Collected data entries
----------------------------------------
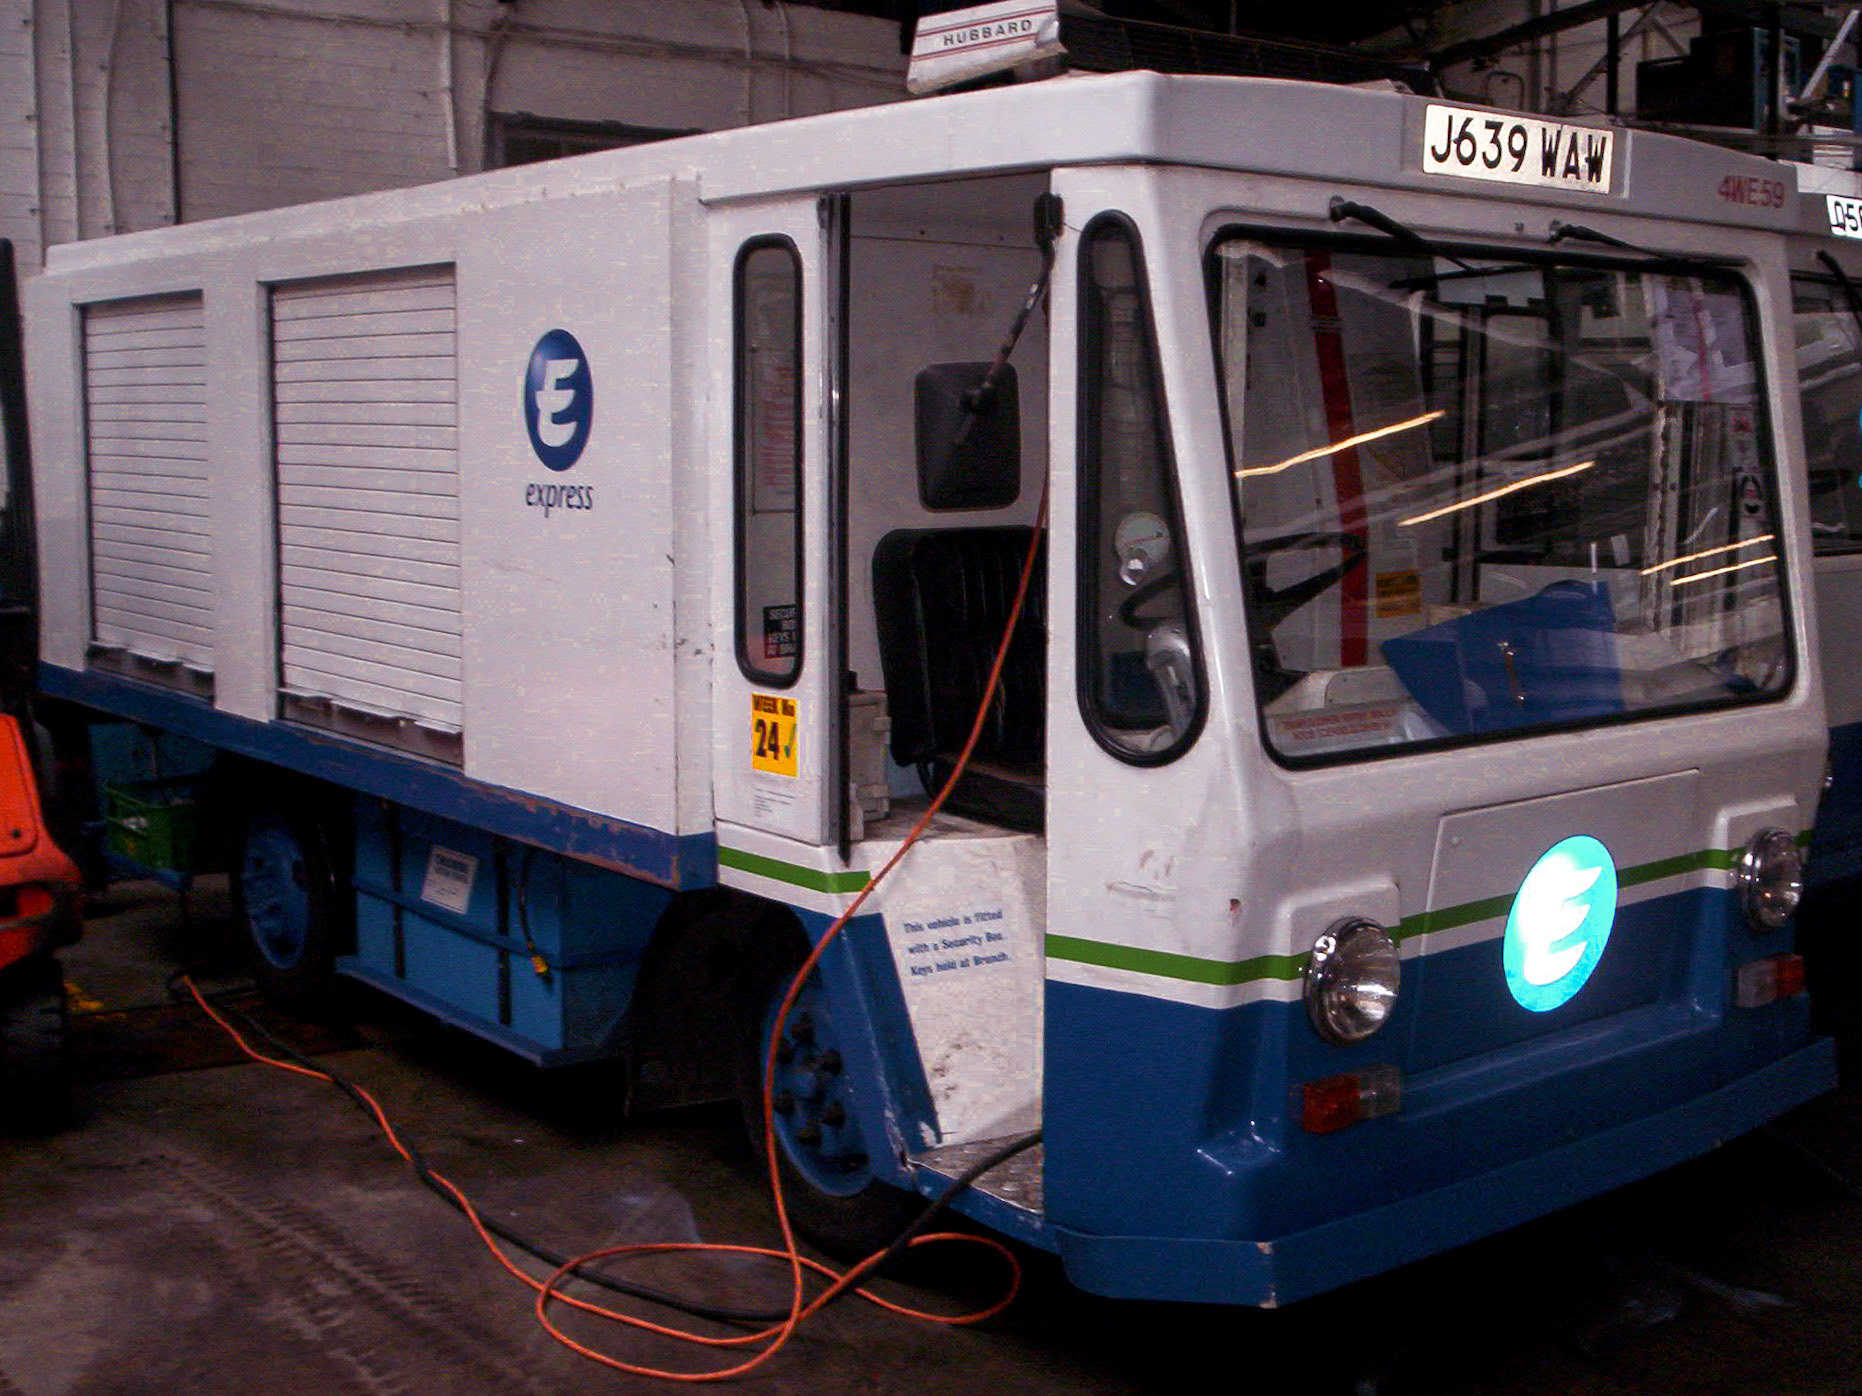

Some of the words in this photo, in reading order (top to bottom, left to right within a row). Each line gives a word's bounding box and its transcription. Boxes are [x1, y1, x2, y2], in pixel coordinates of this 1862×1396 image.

[943, 19, 1033, 46] HUBBARD
[1431, 115, 1529, 173] J639
[1541, 127, 1607, 183] WAW
[525, 483, 594, 518] express
[755, 718, 779, 760] 24
[903, 923, 924, 934] This
[927, 917, 960, 930] vehicle
[963, 915, 972, 924] is
[908, 943, 930, 954] with
[942, 935, 983, 949] Security
[911, 965, 933, 976] Keys
[936, 959, 957, 972] held
[960, 957, 970, 968] at
[973, 951, 1008, 966] Branch
----------------------------------------
[Task requirements]
Copy the data exactly. Any picture it contains is to be omitted.

[Output of the task]
Some of the words in this photo, in reading order (top to bottom, left to right within a row). Each line gives a word's bounding box and its transcription. Boxes are [x1, y1, x2, y2], in pixel coordinates of this 1862×1396 image.

[943, 19, 1033, 46] HUBBARD
[1431, 115, 1529, 173] J639
[1541, 127, 1607, 183] WAW
[525, 483, 594, 518] express
[755, 718, 779, 760] 24
[903, 923, 924, 934] This
[927, 917, 960, 930] vehicle
[963, 915, 972, 924] is
[908, 943, 930, 954] with
[942, 935, 983, 949] Security
[911, 965, 933, 976] Keys
[936, 959, 957, 972] held
[960, 957, 970, 968] at
[973, 951, 1008, 966] Branch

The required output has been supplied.